Exercise requirements → Exclude the pictures, then restate every entry below exactly.

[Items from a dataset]
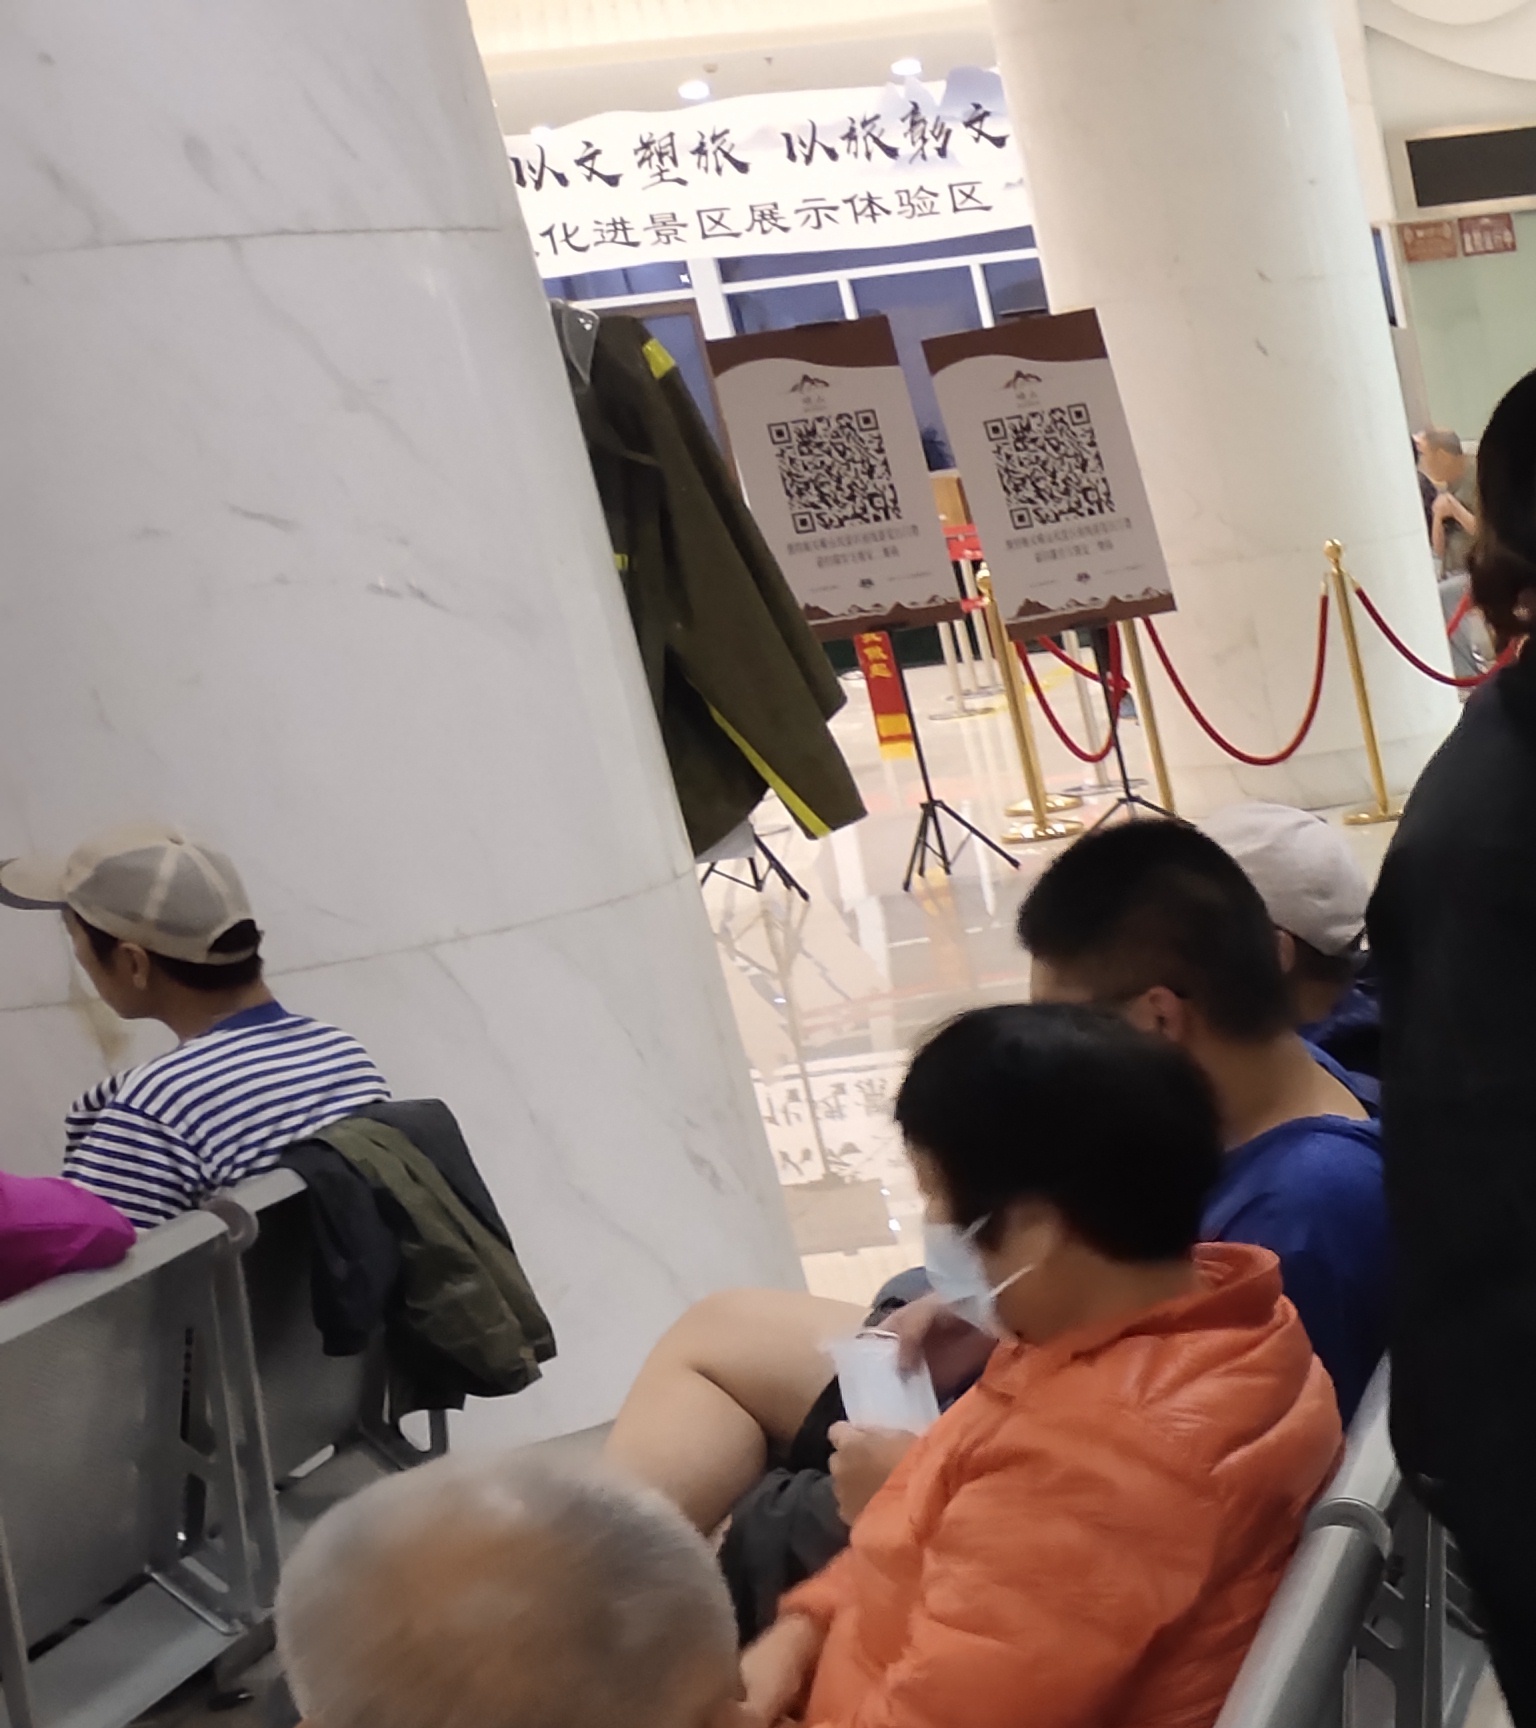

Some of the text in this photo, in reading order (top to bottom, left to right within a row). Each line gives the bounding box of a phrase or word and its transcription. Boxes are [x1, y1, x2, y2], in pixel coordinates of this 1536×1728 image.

[510, 100, 1010, 192] 以文塑旅 以旅彰文
[535, 181, 993, 257] 化进景区展示体验区
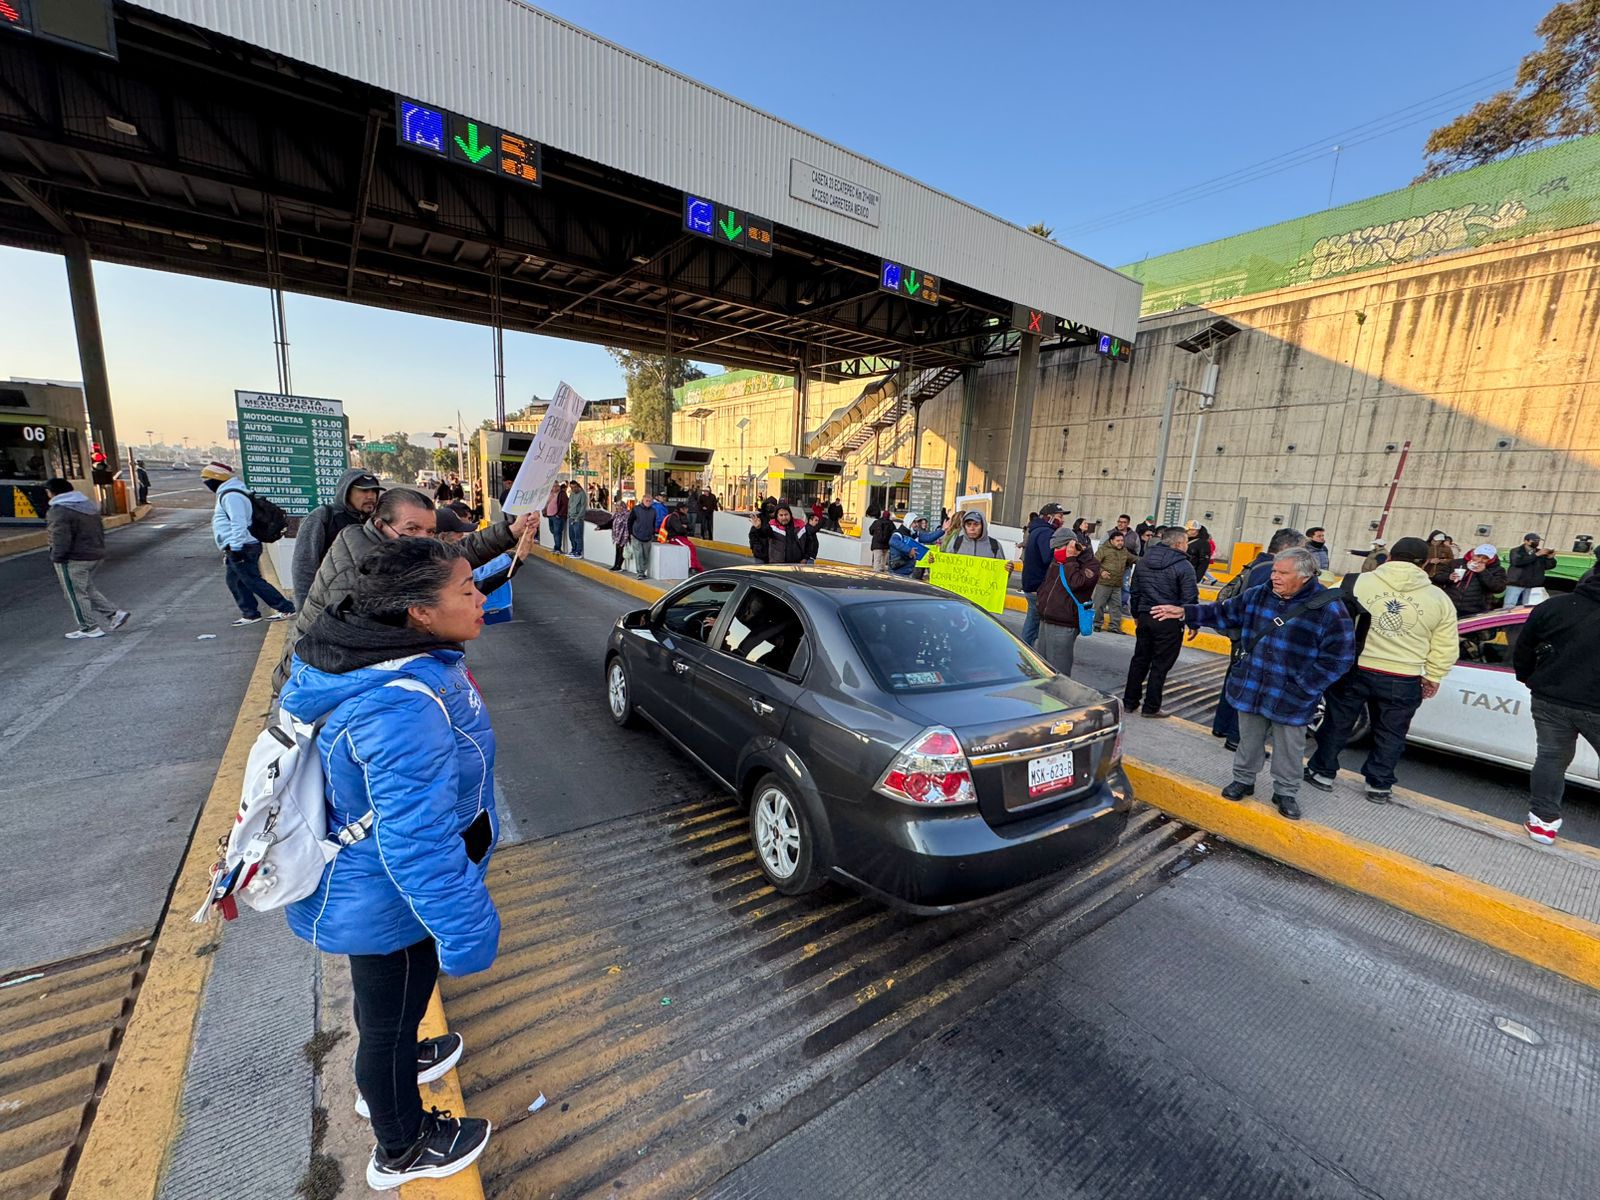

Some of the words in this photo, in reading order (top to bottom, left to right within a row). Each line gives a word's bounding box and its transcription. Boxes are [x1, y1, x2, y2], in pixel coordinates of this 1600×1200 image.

[811, 170, 828, 187] CASETA
[835, 179, 855, 197] ECATEPEC
[811, 187, 829, 204] ACCESO
[830, 193, 854, 213] CARRETERA
[854, 203, 869, 218] MEXICO
[245, 399, 335, 412] MEXICO-PACHUCA
[257, 395, 322, 406] AUTOPISTA
[243, 413, 304, 424] MOTOCICLETAS
[311, 419, 342, 428] $13.00
[23, 426, 45, 441] 06
[244, 423, 273, 432] AUTOS
[312, 429, 342, 438] $26.00
[245, 434, 275, 443] AUTOBUSES
[295, 437, 308, 445] EJES
[313, 438, 343, 448] $44.00
[246, 444, 267, 452] CAMION
[313, 448, 344, 458] $44.00
[247, 455, 270, 463] CAMION
[275, 456, 290, 464] EJES
[314, 458, 343, 467] $92.00
[248, 465, 271, 473] CAMION
[315, 467, 343, 477] $92.00
[249, 475, 272, 483] CAMION
[249, 486, 271, 494] CAMION
[317, 487, 335, 497] $126
[317, 497, 335, 505] $13
[952, 566, 969, 577] NOS
[980, 559, 999, 572] QUE
[1366, 592, 1424, 616] CARLSBAD
[1459, 689, 1521, 716] TAXI
[971, 743, 996, 753] AVEO
[998, 741, 1009, 750] LT
[1031, 761, 1072, 785] MSK-623-B

Exercise answer →
Some of the text in this photo, in reading order (top to bottom, left to right within a row). Each line gives the bounding box of a phrase or word and its transcription. Boxes are [x1, y1, x2, y2], in pixel coordinates of this 1536×1728 image.

[510, 100, 1010, 192] 以文塑旅 以旅彰文
[535, 181, 993, 257] 化进景区展示体验区

Some of the words in this photo, in reading order (top to bottom, left to right within a row). Each line gives a word's bounding box and its transcription. Boxes are [x1, y1, x2, y2], in pixel coordinates of this 1600×1200 image.

[811, 170, 828, 187] CASETA
[835, 179, 855, 197] ECATEPEC
[811, 187, 829, 204] ACCESO
[830, 193, 854, 213] CARRETERA
[854, 203, 869, 218] MEXICO
[245, 399, 335, 412] MEXICO-PACHUCA
[257, 395, 322, 406] AUTOPISTA
[243, 413, 304, 424] MOTOCICLETAS
[311, 419, 342, 428] $13.00
[23, 426, 45, 441] 06
[244, 423, 273, 432] AUTOS
[312, 429, 342, 438] $26.00
[245, 434, 275, 443] AUTOBUSES
[295, 437, 308, 445] EJES
[313, 438, 343, 448] $44.00
[246, 444, 267, 452] CAMION
[313, 448, 344, 458] $44.00
[247, 455, 270, 463] CAMION
[275, 456, 290, 464] EJES
[314, 458, 343, 467] $92.00
[248, 465, 271, 473] CAMION
[315, 467, 343, 477] $92.00
[249, 475, 272, 483] CAMION
[249, 486, 271, 494] CAMION
[317, 487, 335, 497] $126
[317, 497, 335, 505] $13
[952, 566, 969, 577] NOS
[980, 559, 999, 572] QUE
[1366, 592, 1424, 616] CARLSBAD
[1459, 689, 1521, 716] TAXI
[971, 743, 996, 753] AVEO
[998, 741, 1009, 750] LT
[1031, 761, 1072, 785] MSK-623-B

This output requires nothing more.